*WHAT TO PRODUCE:* Return each line below exactly as it reads, and omit any image in it.

[Dataset entries]
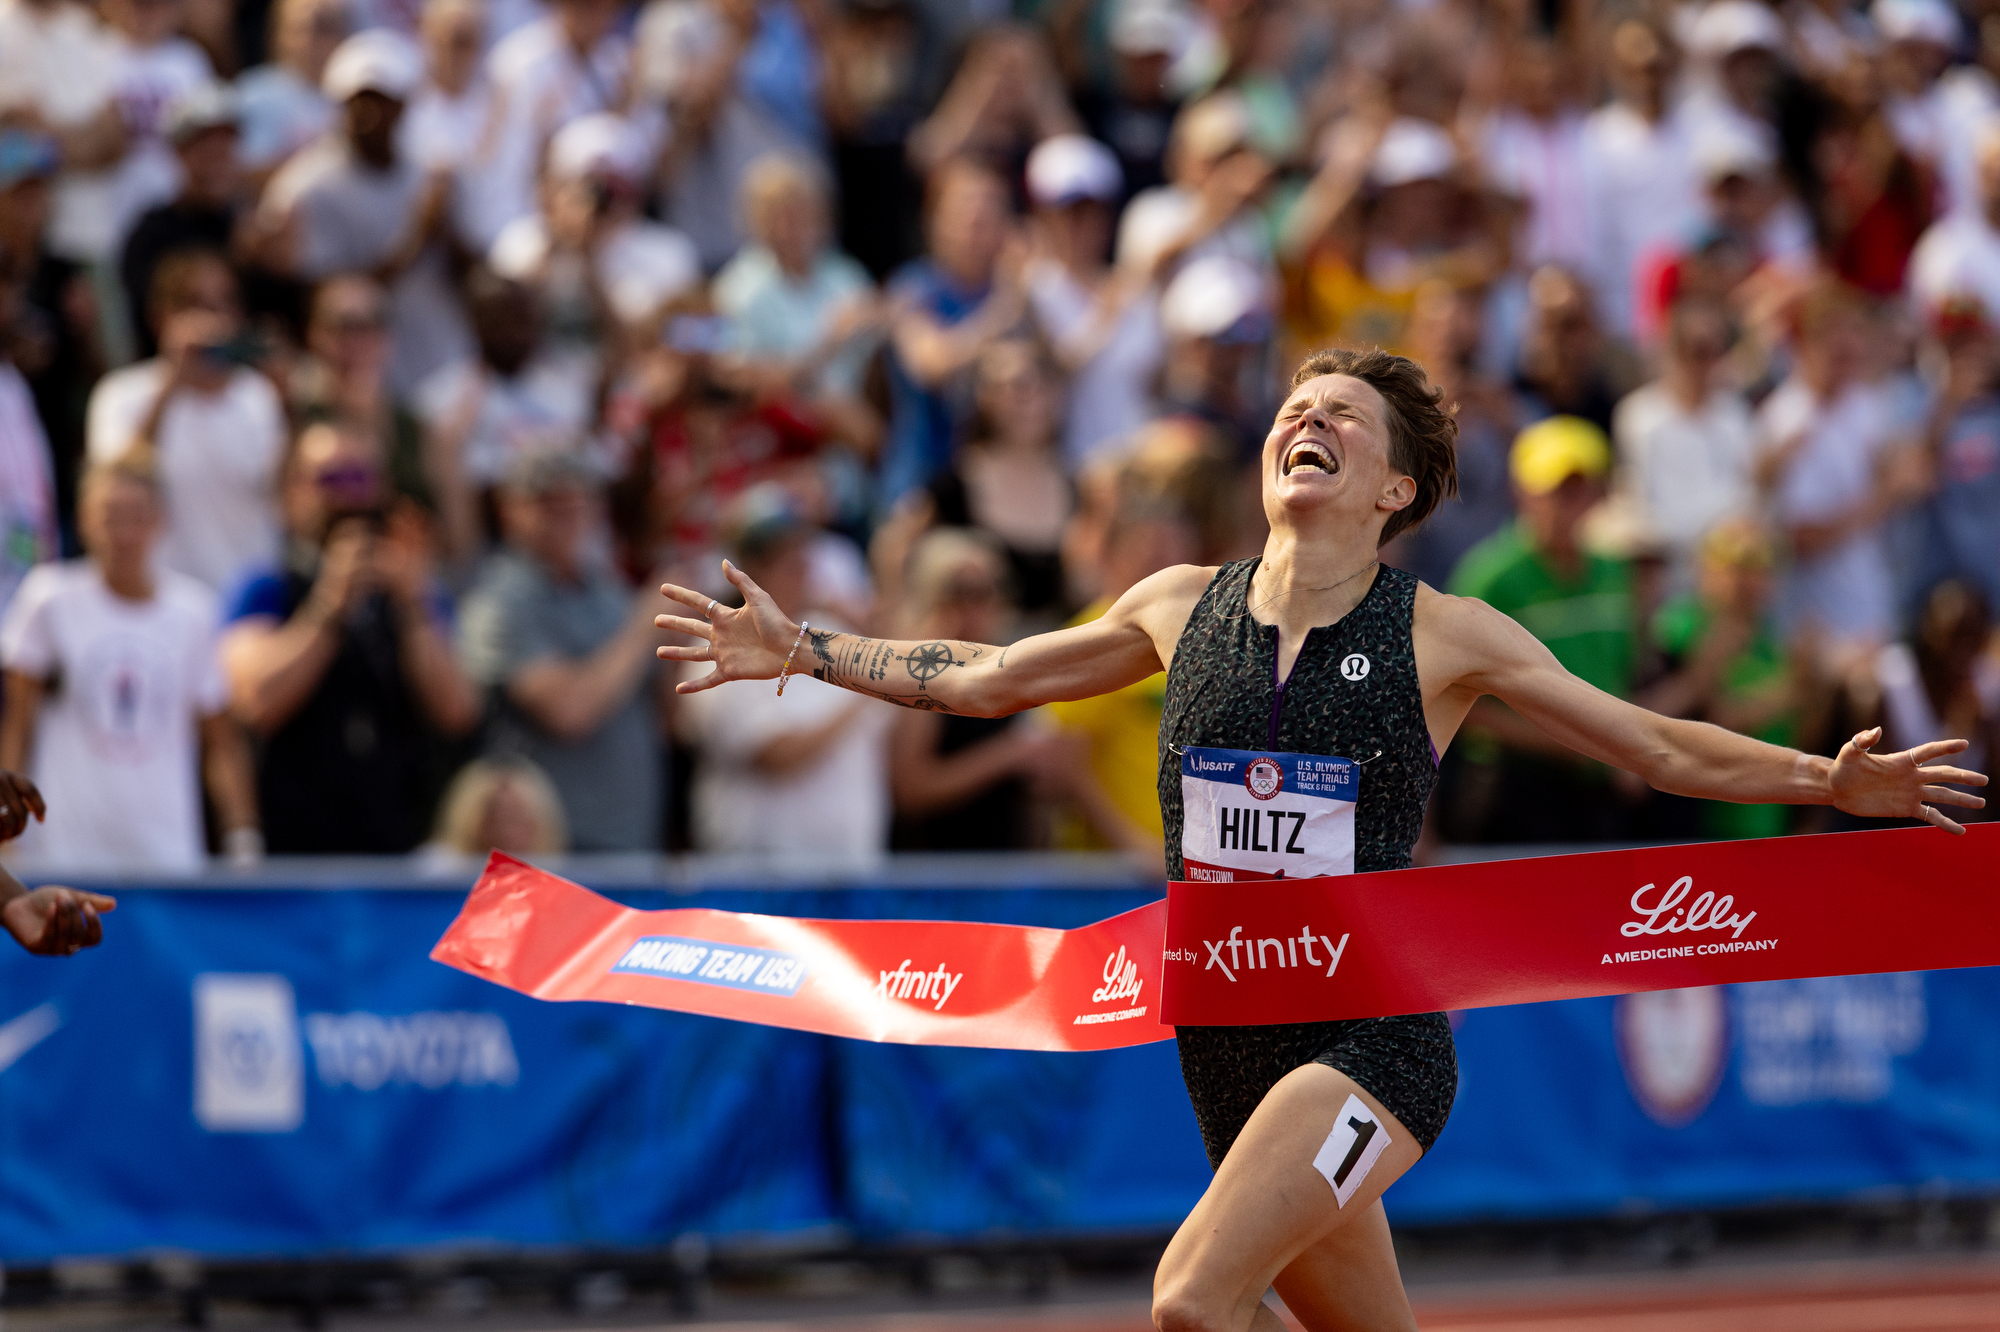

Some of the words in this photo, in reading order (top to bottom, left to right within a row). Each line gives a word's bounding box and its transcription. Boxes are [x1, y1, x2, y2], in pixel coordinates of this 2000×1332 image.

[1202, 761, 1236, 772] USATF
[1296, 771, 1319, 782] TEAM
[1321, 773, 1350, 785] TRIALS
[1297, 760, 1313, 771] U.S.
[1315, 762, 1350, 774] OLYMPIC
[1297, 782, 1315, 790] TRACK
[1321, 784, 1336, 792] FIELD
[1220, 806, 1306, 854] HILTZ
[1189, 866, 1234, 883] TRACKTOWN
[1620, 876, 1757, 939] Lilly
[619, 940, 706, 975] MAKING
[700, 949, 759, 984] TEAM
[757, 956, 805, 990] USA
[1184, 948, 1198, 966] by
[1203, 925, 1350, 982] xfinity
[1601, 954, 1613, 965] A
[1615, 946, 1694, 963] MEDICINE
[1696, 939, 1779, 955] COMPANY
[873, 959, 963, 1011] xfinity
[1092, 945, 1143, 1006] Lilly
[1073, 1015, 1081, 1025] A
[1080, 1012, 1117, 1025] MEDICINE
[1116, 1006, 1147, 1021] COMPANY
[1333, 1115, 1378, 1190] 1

*WRITTEN ANSWER:*
Some of the words in this photo, in reading order (top to bottom, left to right within a row). Each line gives a word's bounding box and its transcription. Boxes are [x1, y1, x2, y2], in pixel coordinates of this 2000×1332 image.

[1202, 761, 1236, 772] USATF
[1296, 771, 1319, 782] TEAM
[1321, 773, 1350, 785] TRIALS
[1297, 760, 1313, 771] U.S.
[1315, 762, 1350, 774] OLYMPIC
[1297, 782, 1315, 790] TRACK
[1321, 784, 1336, 792] FIELD
[1220, 806, 1306, 854] HILTZ
[1189, 866, 1234, 883] TRACKTOWN
[1620, 876, 1757, 939] Lilly
[619, 940, 706, 975] MAKING
[700, 949, 759, 984] TEAM
[757, 956, 805, 990] USA
[1184, 948, 1198, 966] by
[1203, 925, 1350, 982] xfinity
[1601, 954, 1613, 965] A
[1615, 946, 1694, 963] MEDICINE
[1696, 939, 1779, 955] COMPANY
[873, 959, 963, 1011] xfinity
[1092, 945, 1143, 1006] Lilly
[1073, 1015, 1081, 1025] A
[1080, 1012, 1117, 1025] MEDICINE
[1116, 1006, 1147, 1021] COMPANY
[1333, 1115, 1378, 1190] 1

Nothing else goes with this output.